I thought the warm summer months flew by fast, but to me, nothing like October. And with the first noticeable frost at our place on the 28th, it was a long, almost "Indian Summer" month, with our flower gardens still fresh and bright for the most part.
Bird migrations were about as usual with the exception of waterfowl. From my observations and a comment from Dave St. James, I conclude waterfowl (ducks, geese and the like) have mostly stayed put. I imagine by the time this arrives to you in print, things will have changed, and our lakes will become "motels" for migrating ducks and other waterfowl, both those that dabble about fresh-water ponds and dive in salt-water bays and open ocean.
Let's hope so; this Sunday the 67th central Berkshire waterfowl census, now named after its founder and local birder, Bartlett Hendricks, will meet at 7 a.m. in front of the Berkshire Museum, Pittsfield, and carpool to nearby lakes and wetlands, led by Tom Tyning (413-236-4502, email@example.com) The trip ends around 3 p.m.; bring lunch, binoculars and a scope if you have one.

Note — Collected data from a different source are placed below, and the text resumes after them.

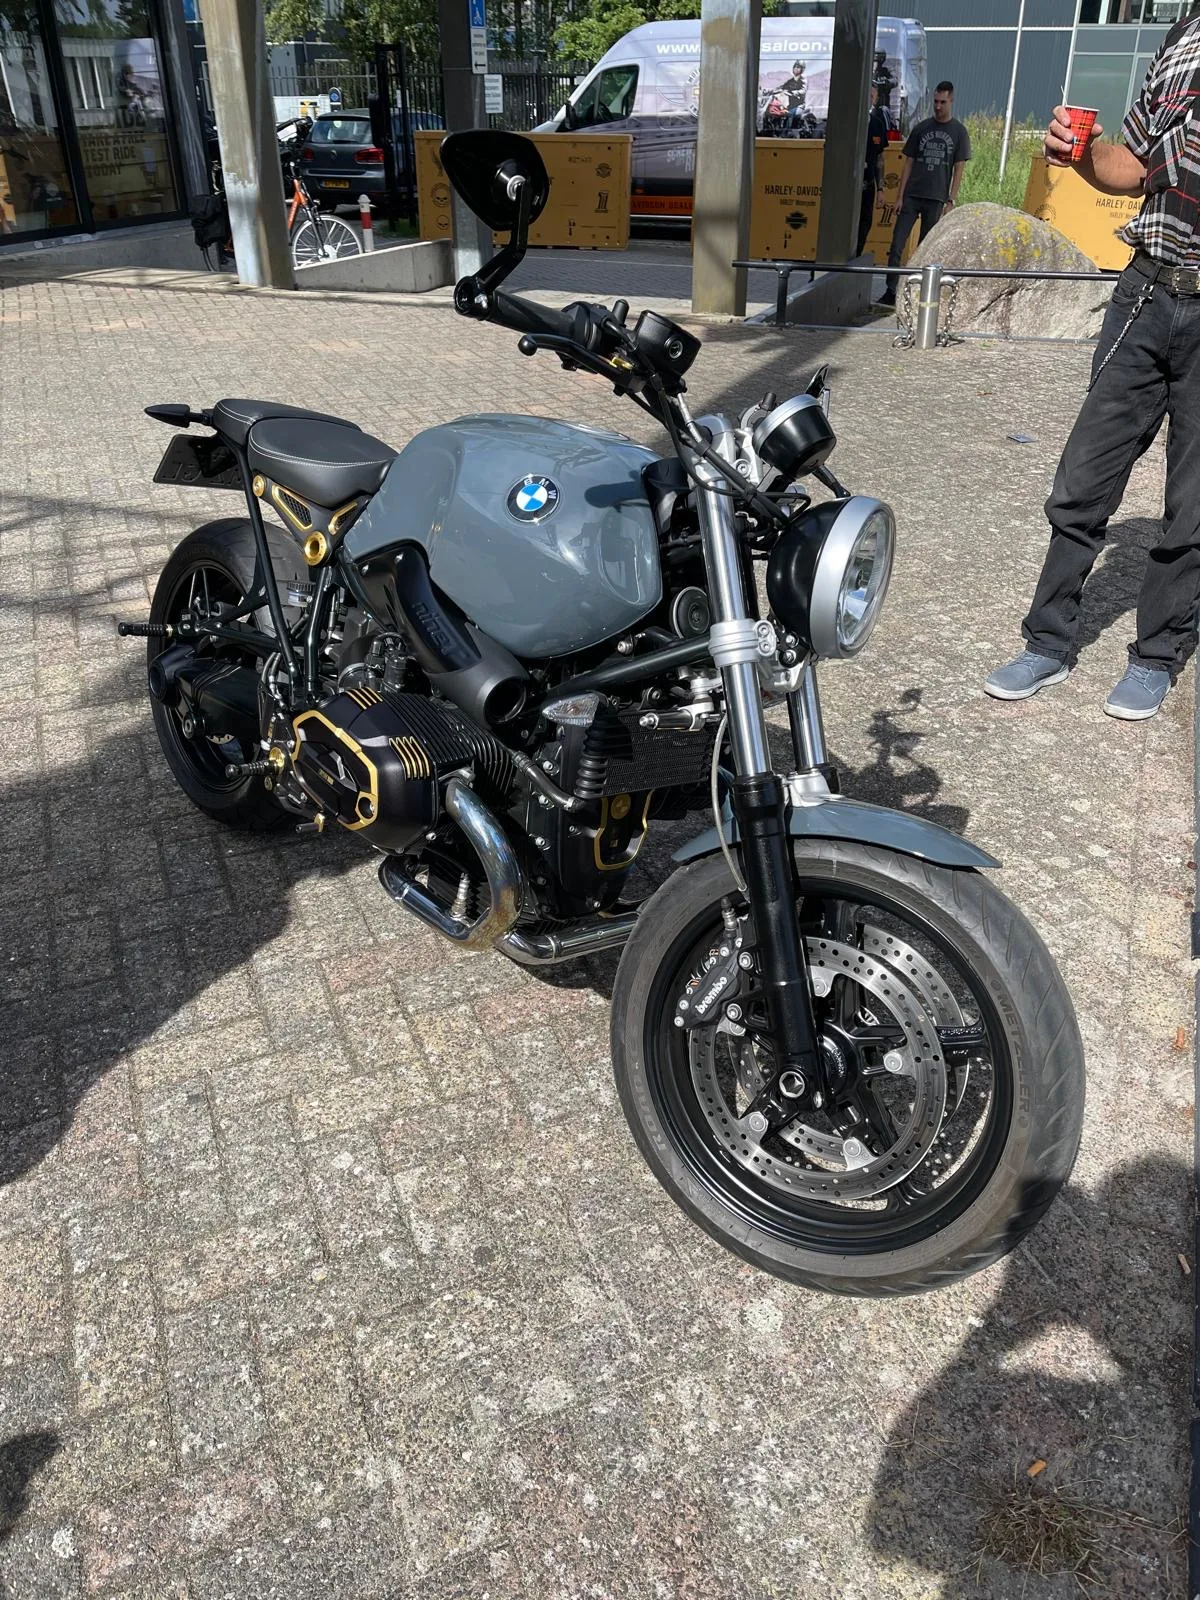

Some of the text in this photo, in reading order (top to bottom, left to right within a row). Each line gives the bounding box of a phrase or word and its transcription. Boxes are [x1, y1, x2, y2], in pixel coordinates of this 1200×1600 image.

[83, 146, 136, 163] TEST RIDE
[763, 184, 823, 197] HARLEY-DAVIDS
[524, 477, 557, 500] BMW
[695, 976, 728, 1014] brembo
[997, 992, 1030, 1113] METZELER
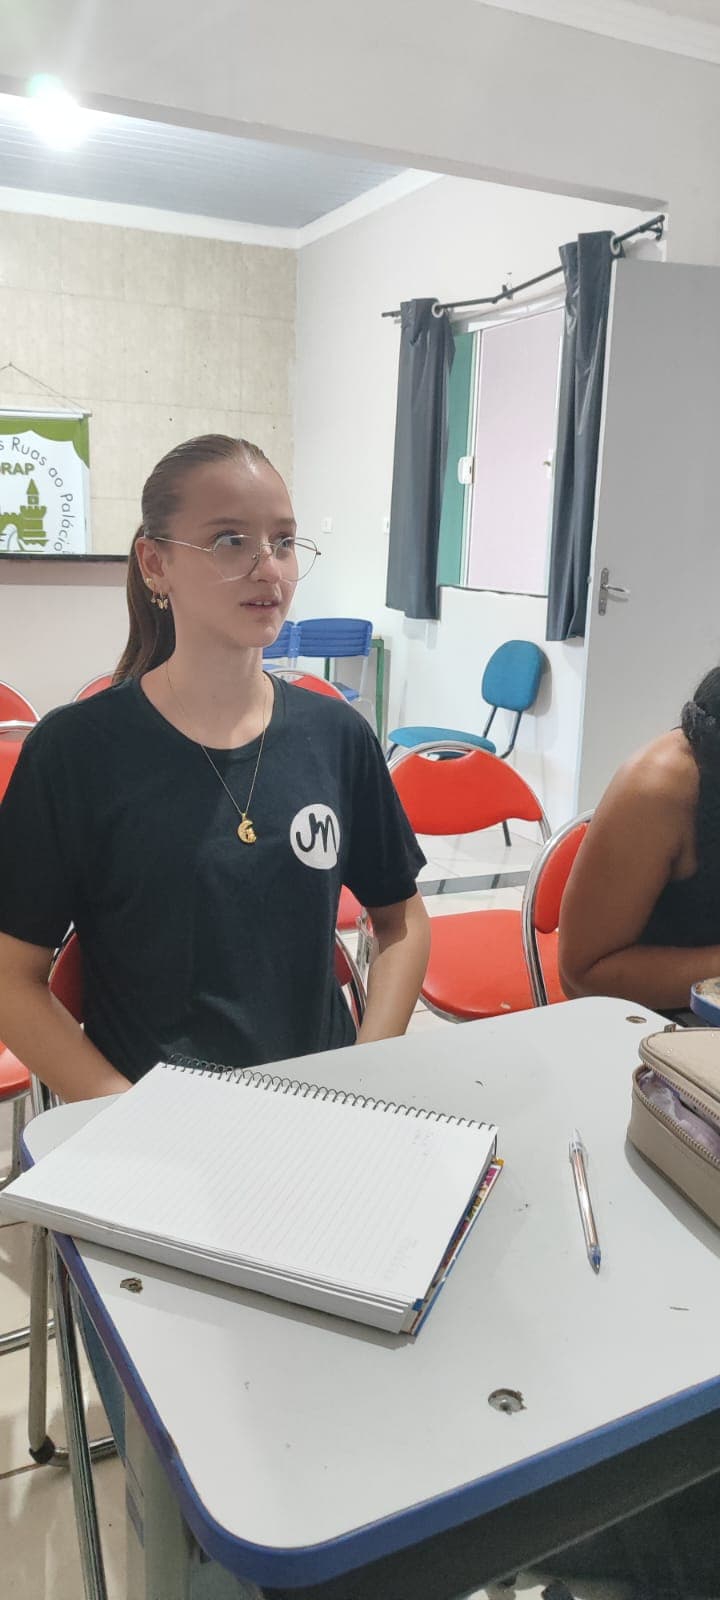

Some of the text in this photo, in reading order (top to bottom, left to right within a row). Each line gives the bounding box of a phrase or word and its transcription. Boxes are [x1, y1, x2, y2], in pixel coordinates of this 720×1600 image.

[11, 436, 48, 466] Ruas
[0, 462, 35, 475] RAP
[48, 467, 64, 488] ao
[53, 493, 76, 551] Palácio
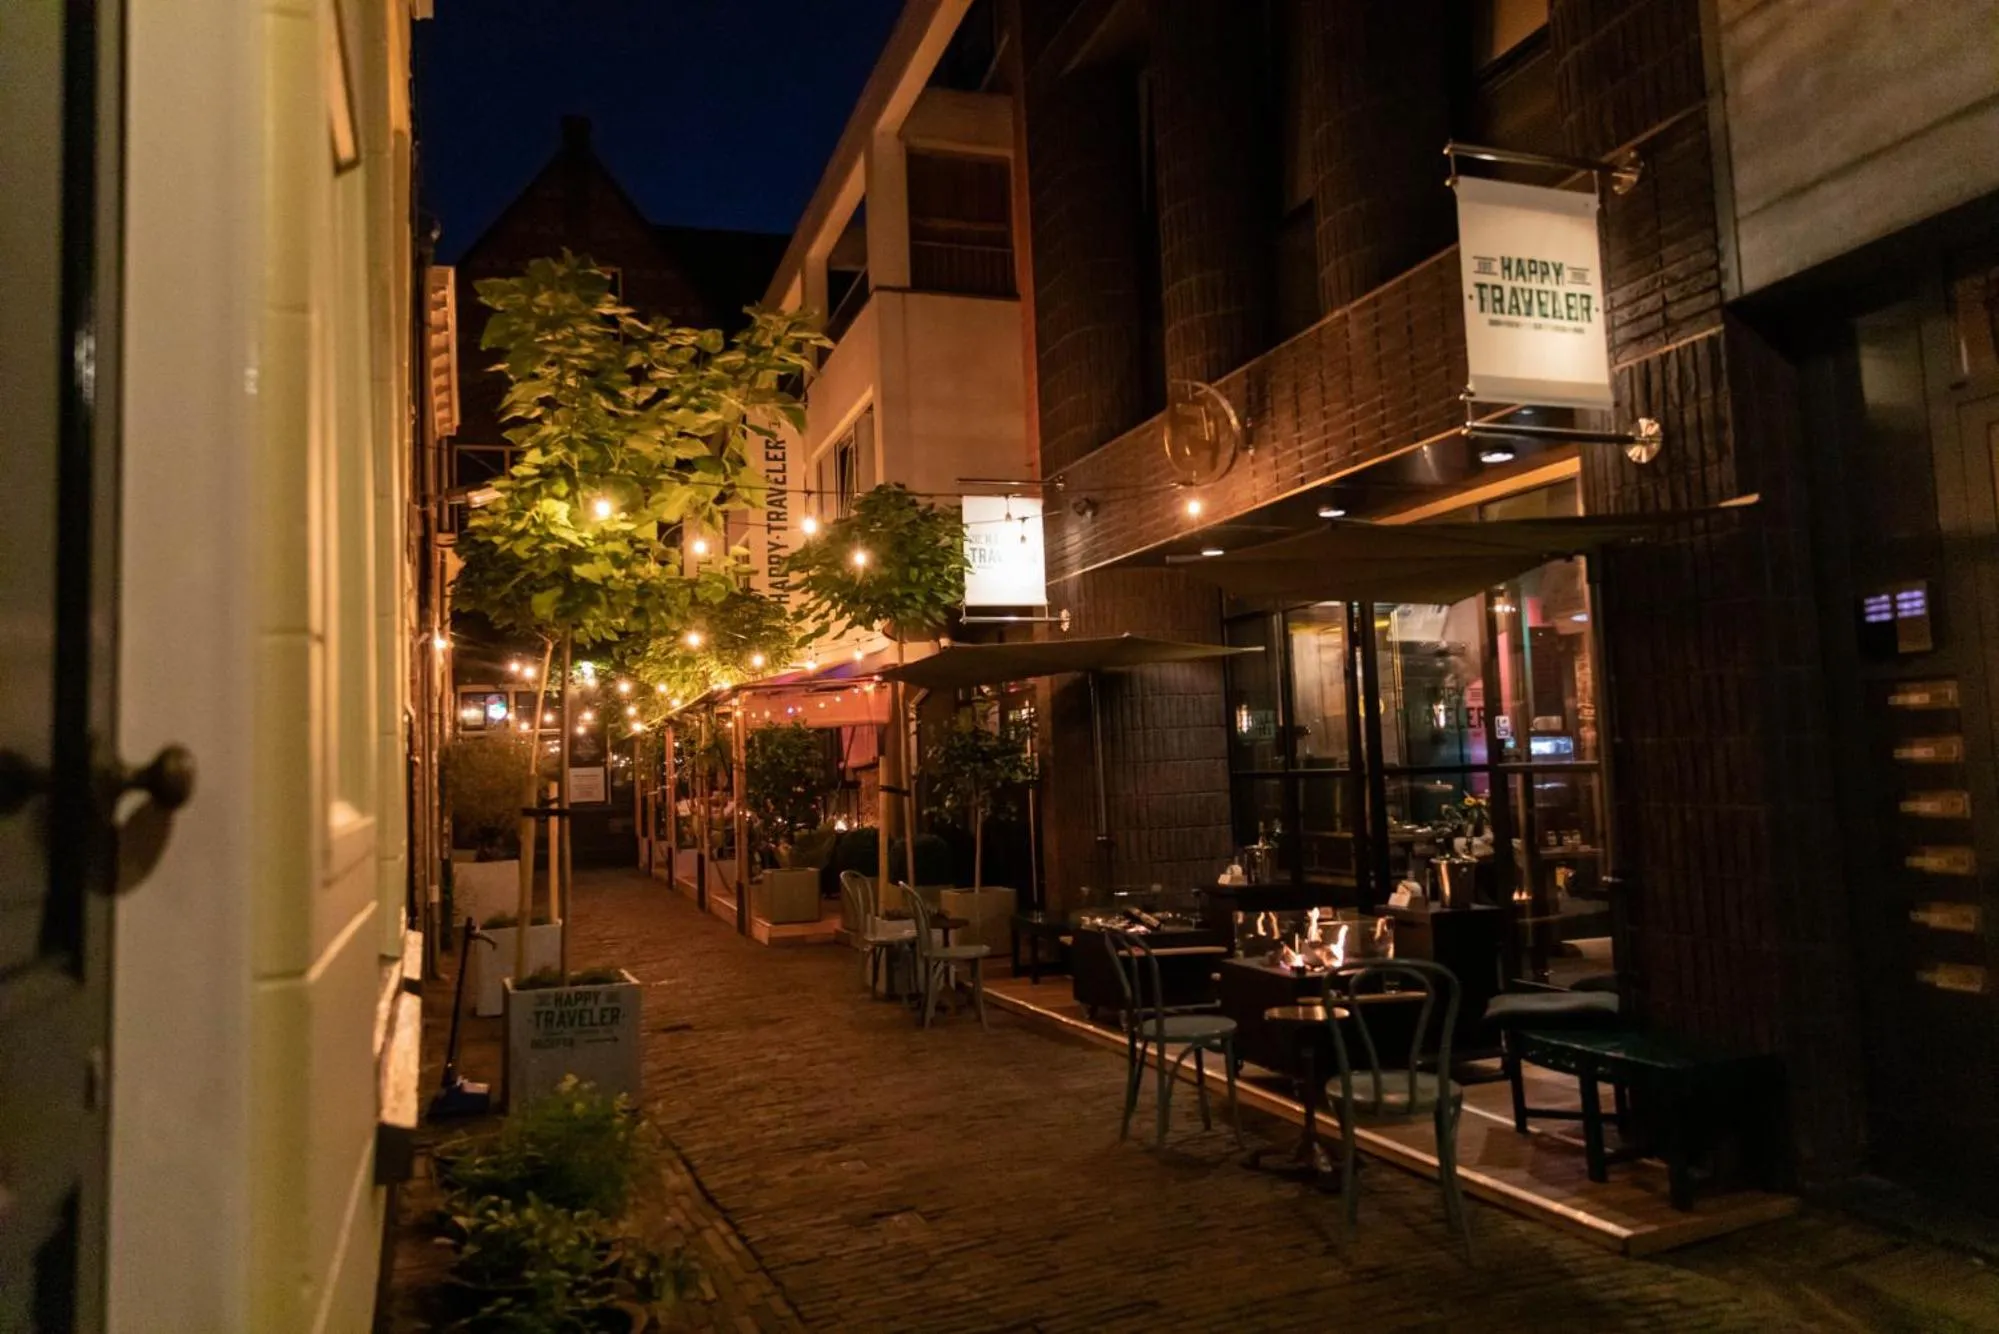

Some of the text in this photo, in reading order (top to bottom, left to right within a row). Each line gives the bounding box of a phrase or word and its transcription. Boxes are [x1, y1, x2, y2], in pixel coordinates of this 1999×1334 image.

[1500, 255, 1564, 287] HAPPY
[1473, 281, 1593, 323] TRAVELER
[554, 991, 601, 1008] HAPPY
[533, 1007, 621, 1029] TRAVELER
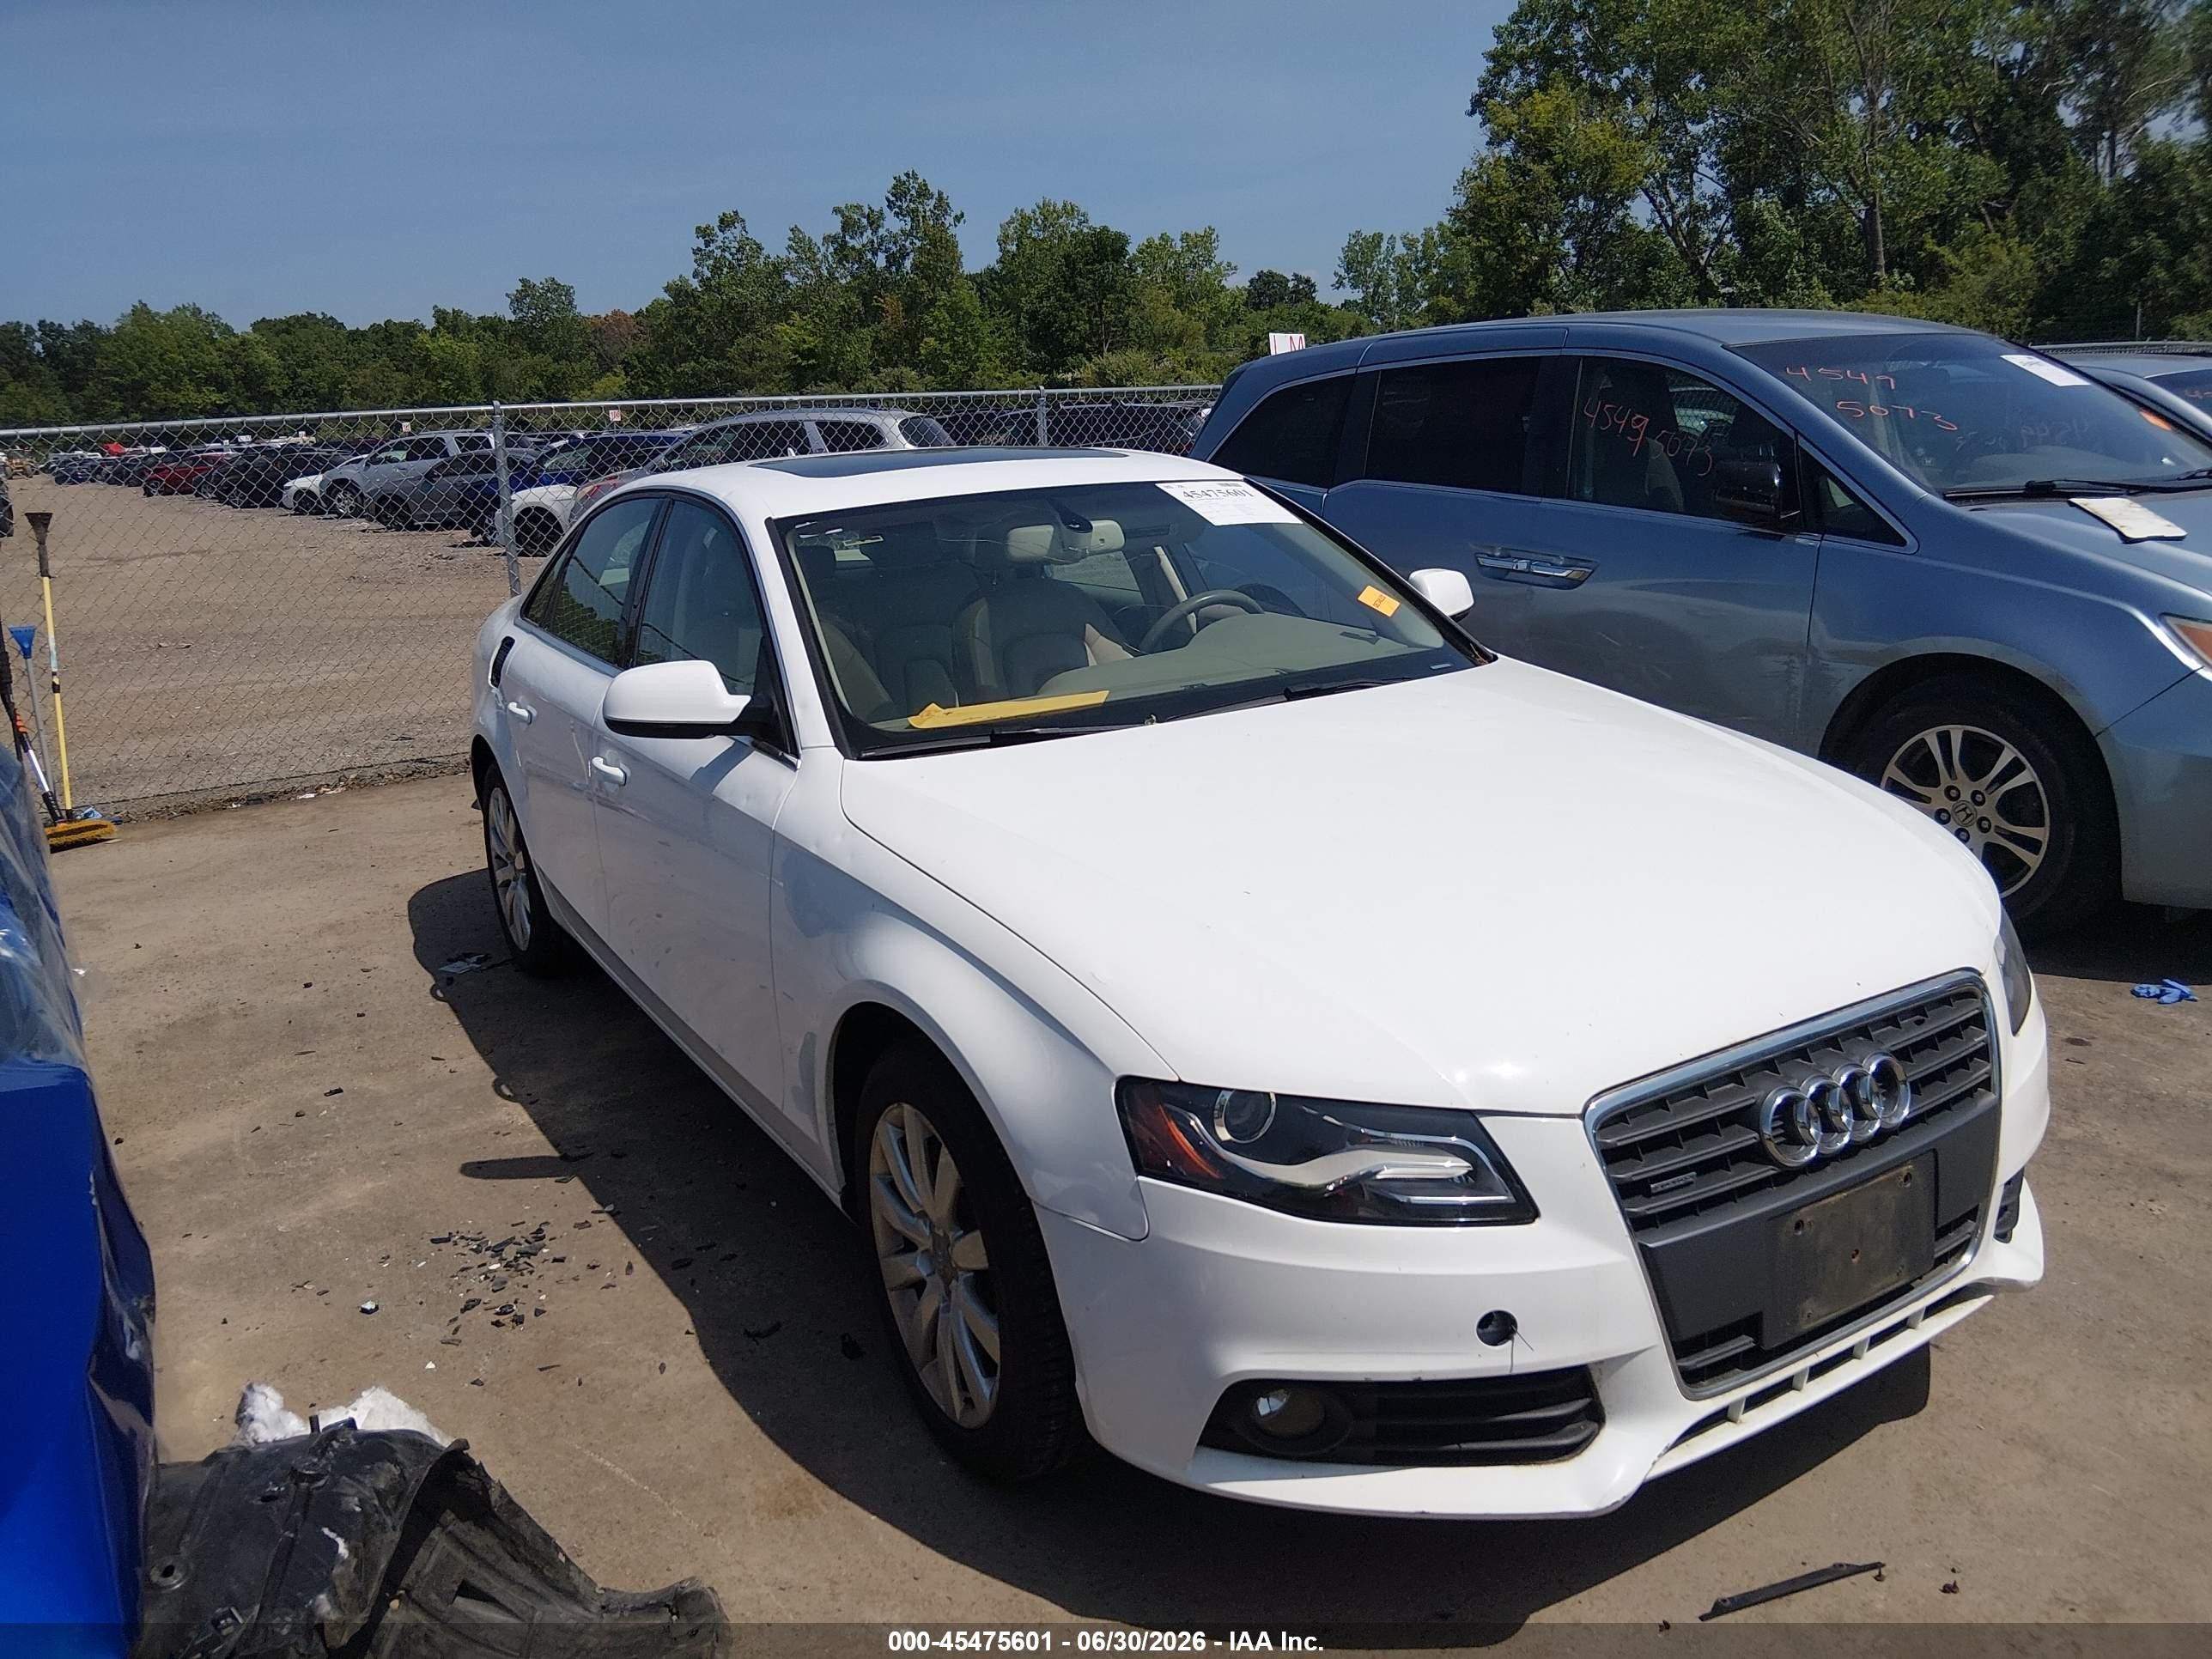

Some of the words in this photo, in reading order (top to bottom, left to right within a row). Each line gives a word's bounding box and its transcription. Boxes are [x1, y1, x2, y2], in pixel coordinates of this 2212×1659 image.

Q: With so much said concerning the wooly bear, I have heard nothing about the white one, with a few long black-colored hairs. I saw several of these caterpillars crossing a road near my house, the first couple weeks of October. Is it another kind of wooly bear, or something completely different?
A: You are probably referring to the caterpillar that will become a 2-inch grayish moth with darker markings, called the American dagger moth. It sounds like you encountered older specimens as younger individuals are yellowish. The hairs are called setae, by the way. The young caterpillar is densely covered with yellow setae. The older caterpillar's setae are either pale yellow or white. Both have the black setae, usually four nearer the front and a black tuft near the rear.
Unlike the wooly bear, persons finding these caterpillars should not handle them; the hollow setae are apt to break off into the skin of your hand, causing a rash. The dagger moth and woolly bear are not closely relate nor easily confused. On the other hand, I imagine that people discovering caterpillars that otherwise resemble a woolly bear, except for yellow cetae (longer than the true woolly bear's), have encountered another tiger moth, the yellow wooly bear, that will become the Virginia tiger moth. The woolly bear becomes an Isabella tiger moth, and unless we get warmer weather, their migration will be mostly over for the year.